Trade mark infringement?
Chemist Warehouse’s claim of trade mark infringement overwhelmingly failed. The court held that the trade mark was not distinctive, and that Direct Chemist Outlet’s use of the wording would not have constituted trade mark use anyway. The cross-claim was accepted by the court, and Chemist Warehouse’s trade mark registration was cancelled. To understand why this happened, we must first consider a side-by-side comparison of the marks:
As can be clearly seen, the slogans and their presentation are strikingly similar. It would not be a stretch of the imagination to think that the second is a derivative of the first, and readers placing themselves in the shoes of Mr Verrochi and Mr Gance could surely imagine the alarm that such a similar mark would inspire. But because of the “generic” and “descriptive” nature of the original phrase, it took only an extremely minor variation in the wording and design to avoid infringement.
This highlights one of the major pitfalls when seeking registration of a trade mark: applying for a mark that is too generic and/or descriptive, and therefore does not distinguish the goods or services offered under the trade mark.
Generic terms tend to be common names and categories for a good or service, and descriptive terms are words that describes the nature, type, quantity or kind of a good or service.
A simple example of a generic and descriptive trade mark might be an internet service provider that applies for the word mark “Toowoomba’s Best and Fastest Home Internet”, with such an application almost certainly doomed to fail.

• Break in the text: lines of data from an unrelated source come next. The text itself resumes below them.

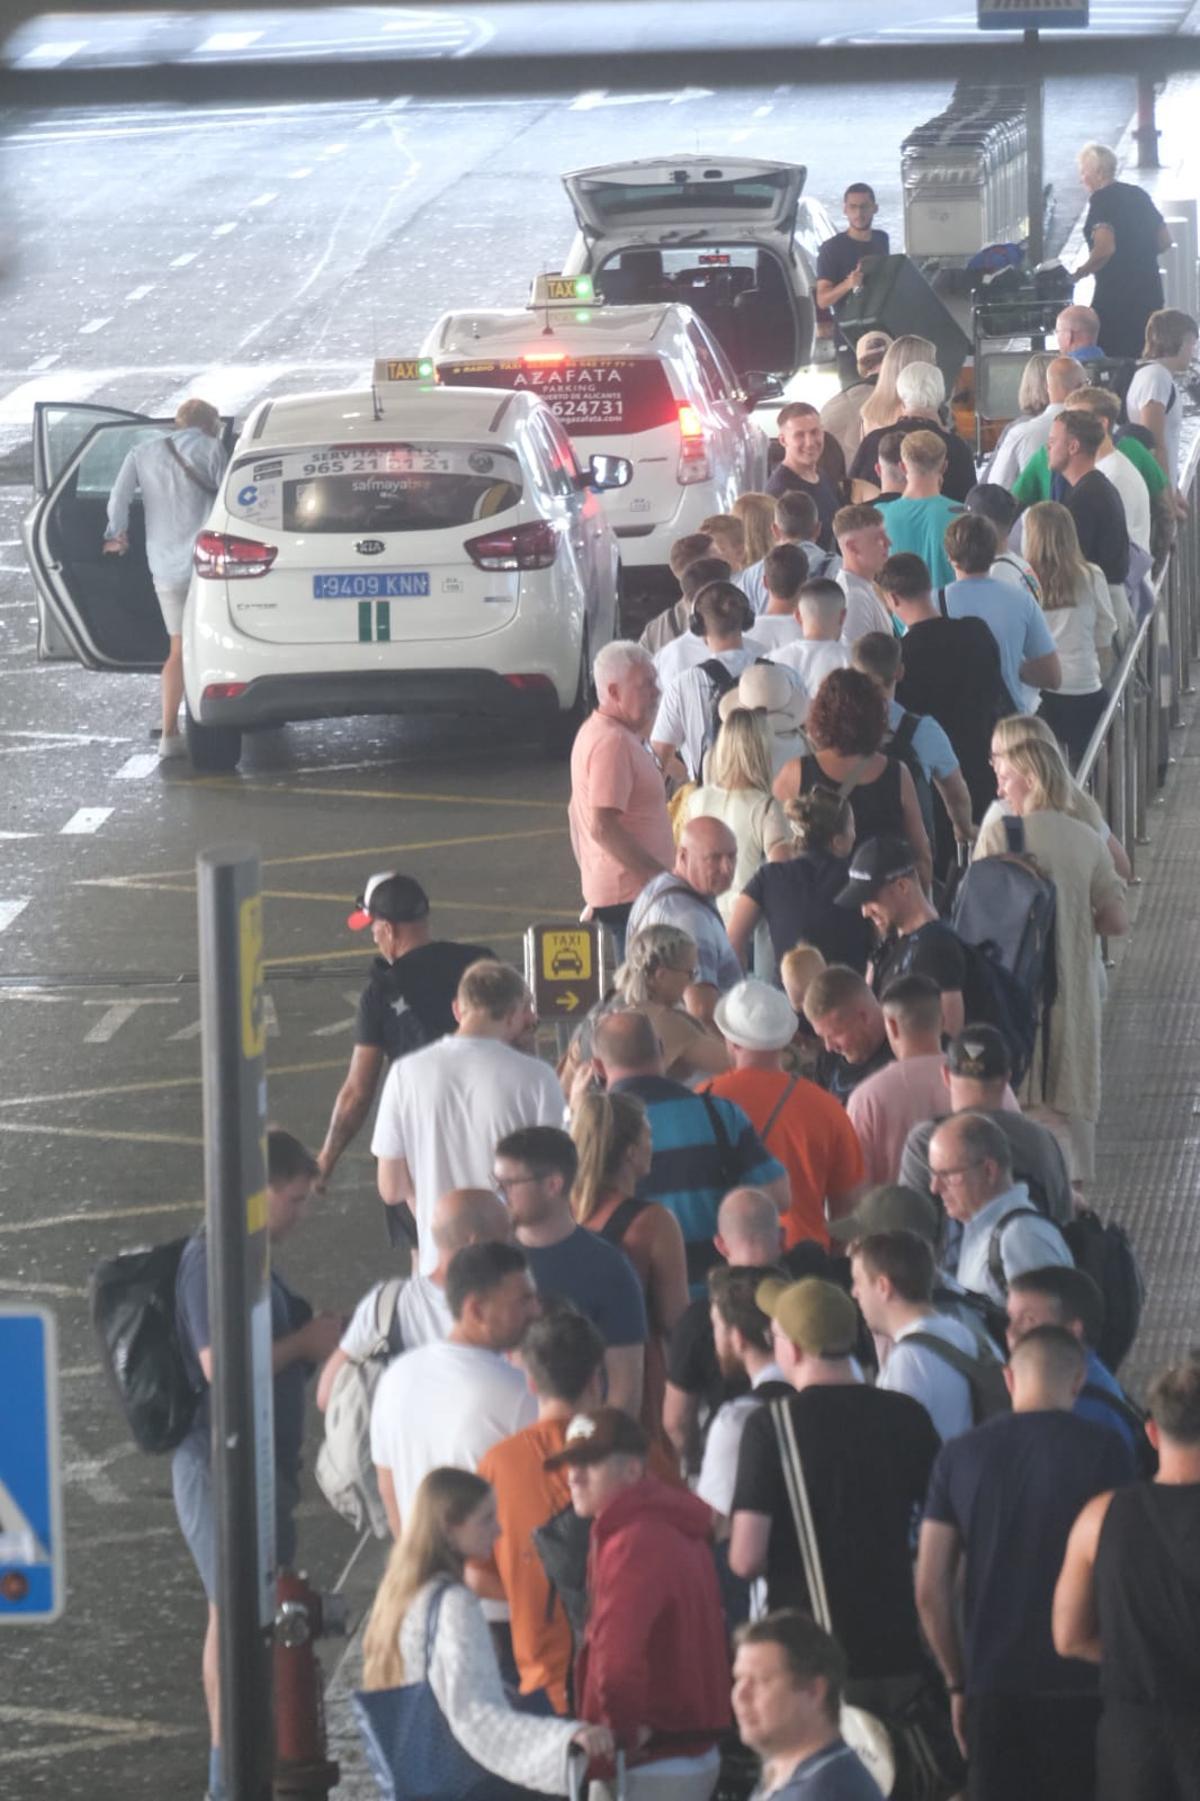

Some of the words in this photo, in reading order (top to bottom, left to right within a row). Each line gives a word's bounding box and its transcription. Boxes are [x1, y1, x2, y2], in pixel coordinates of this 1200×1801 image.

[548, 281, 578, 298] TAXI
[388, 361, 420, 380] TAXI
[513, 369, 622, 386] AZAFATA
[542, 384, 596, 393] PARKING
[583, 392, 622, 400] ALICANTE
[552, 400, 623, 416] 624731
[303, 461, 345, 477] 965
[353, 459, 378, 471] 21
[423, 459, 449, 471] 21
[327, 575, 380, 597] 9409
[385, 574, 427, 595] KNN
[553, 935, 582, 947] TAXI

Alternatively, an application for the word mark “Doctor Jet’s Home Internet” would have a greater chance of success, due to the novelty of the name and lack of descriptive elements.
Misleading or deceptive conduct?
Chemist Warehouse’s other argument was that the imitation of its get-up would mislead consumers into thinking that there was a connection between itself and Direct Chemist Outlet. You might already be aware of Chemist Warehouse’s bright and garish use of yellow paint on its shopfronts, and the similarly dazzling use of the colour within the store and its catalogues. Direct Chemist Outlet employed a similar colour scheme on its shopfront, in-store and its publications.
However, the assertion made by Chemist Warehouse that this amounted to misleading or deceptive conduct was rejected by the court. Judge Middleton held that the colour yellow has two well established uses in the retail industry: increasing visibility, and denoting cheapness.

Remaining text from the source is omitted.